Assignment: Your task is to repeat all of the data exactly while excluding the pictures.

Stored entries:
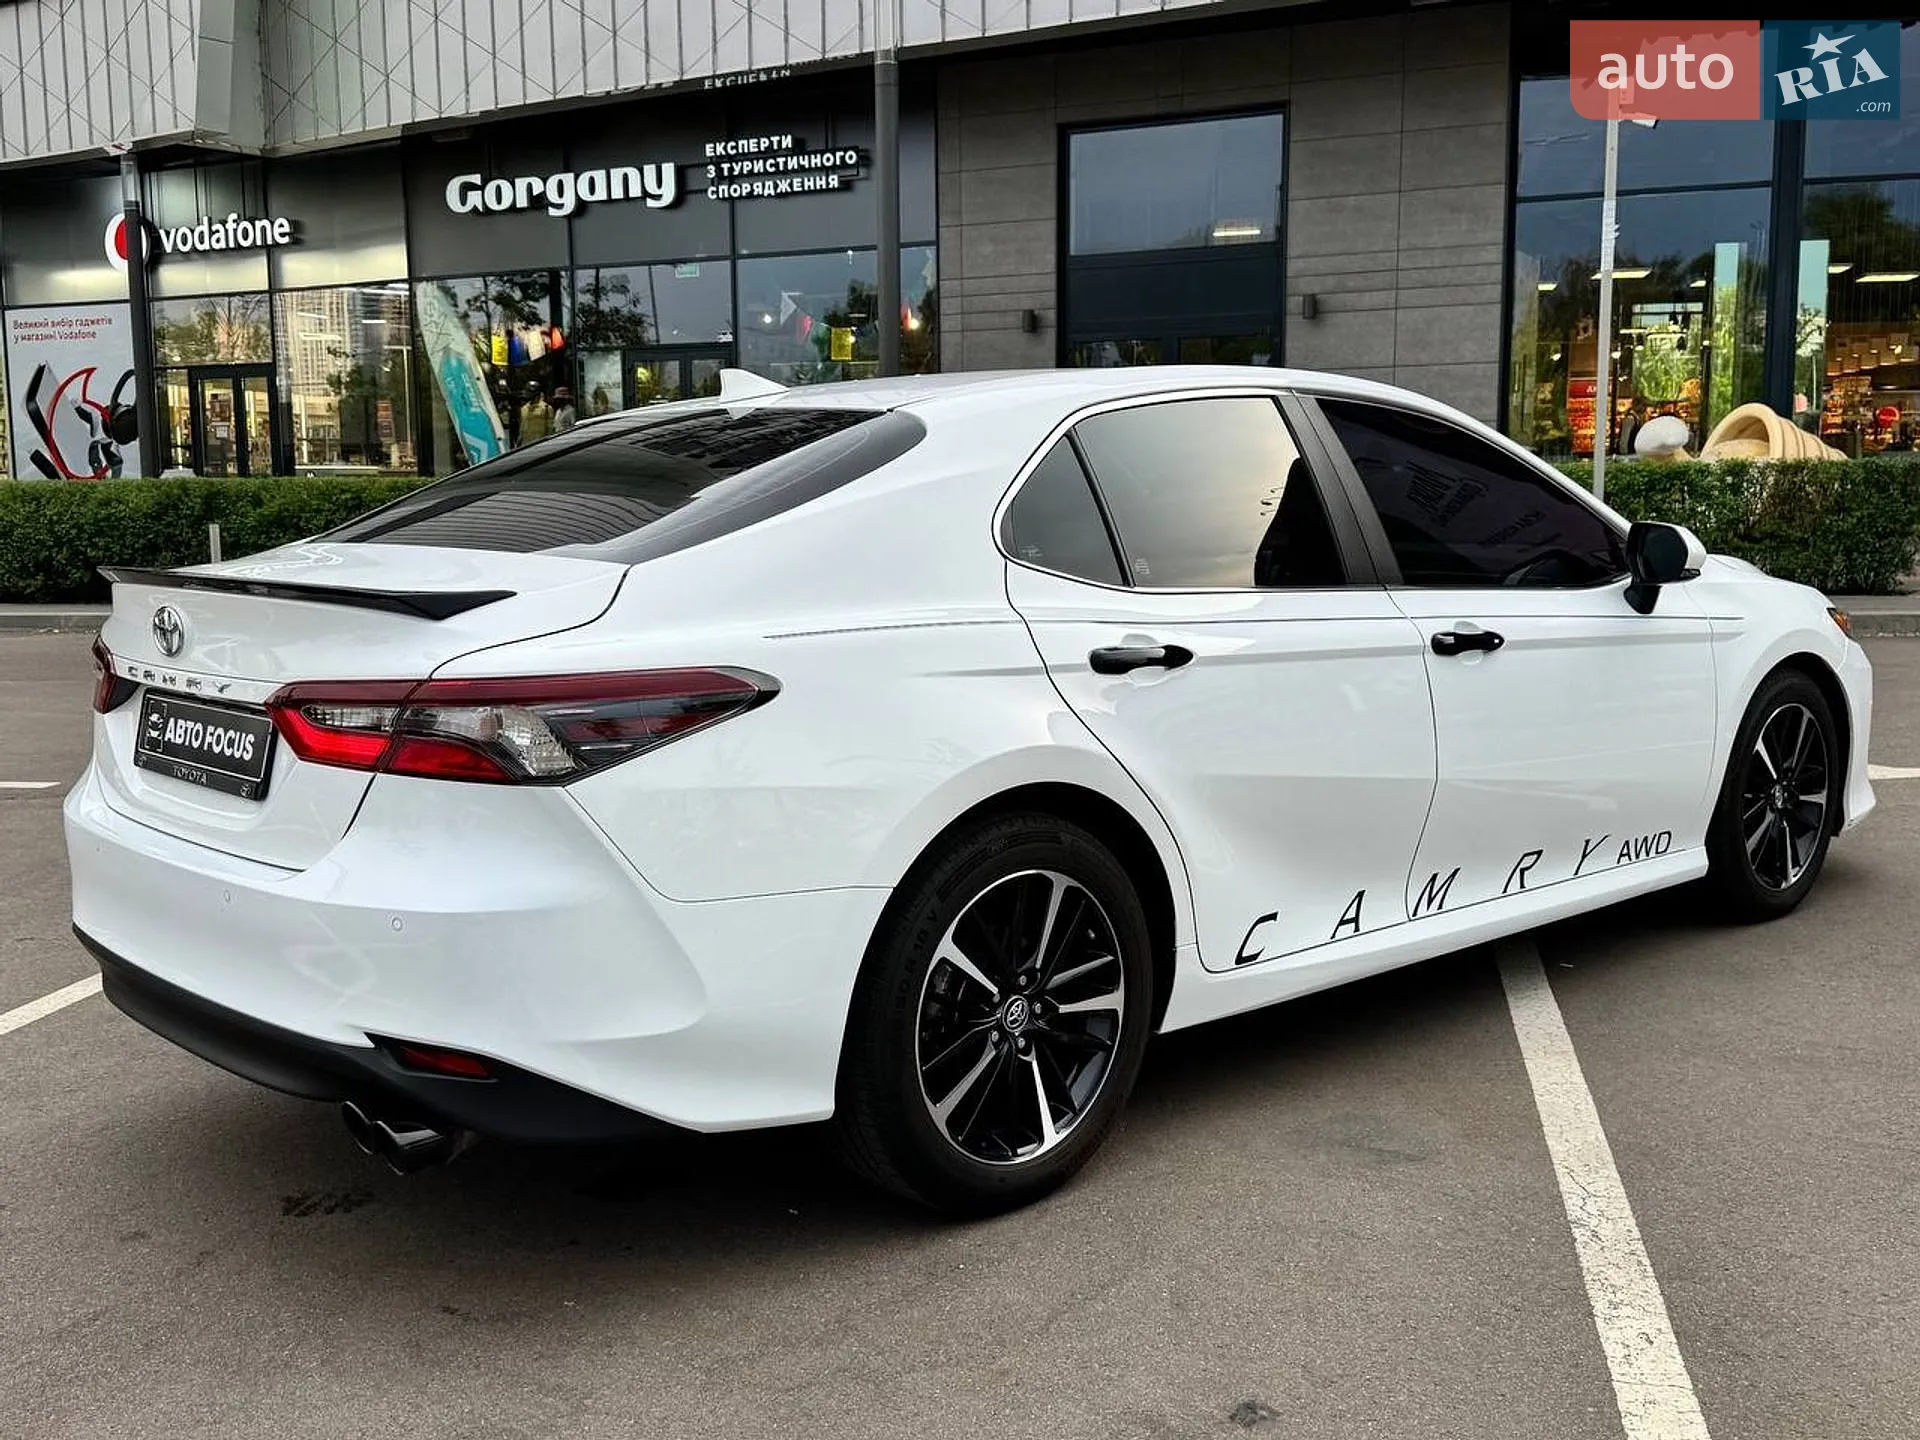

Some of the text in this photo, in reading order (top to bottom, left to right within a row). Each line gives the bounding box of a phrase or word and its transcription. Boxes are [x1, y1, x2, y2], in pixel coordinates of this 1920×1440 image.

[705, 134, 792, 157] ЕКСПЕРТИ
[721, 151, 858, 177] ТУРИСТИЧНОГО
[445, 162, 675, 216] Gorgany
[707, 175, 839, 200] СПОРЯДЖЕННЯ
[160, 212, 291, 254] vodafone
[58, 329, 97, 341] Vodafone
[203, 725, 255, 761] FOCUS
[172, 766, 208, 785] TOYOTA
[1617, 830, 1672, 864] AWD

Solution to the problem:
Some of the text in this photo, in reading order (top to bottom, left to right within a row). Each line gives the bounding box of a phrase or word and its transcription. Boxes are [x1, y1, x2, y2], in pixel coordinates of this 1920×1440 image.

[705, 134, 792, 157] ЕКСПЕРТИ
[721, 151, 858, 177] ТУРИСТИЧНОГО
[445, 162, 675, 216] Gorgany
[707, 175, 839, 200] СПОРЯДЖЕННЯ
[160, 212, 291, 254] vodafone
[58, 329, 97, 341] Vodafone
[203, 725, 255, 761] FOCUS
[172, 766, 208, 785] TOYOTA
[1617, 830, 1672, 864] AWD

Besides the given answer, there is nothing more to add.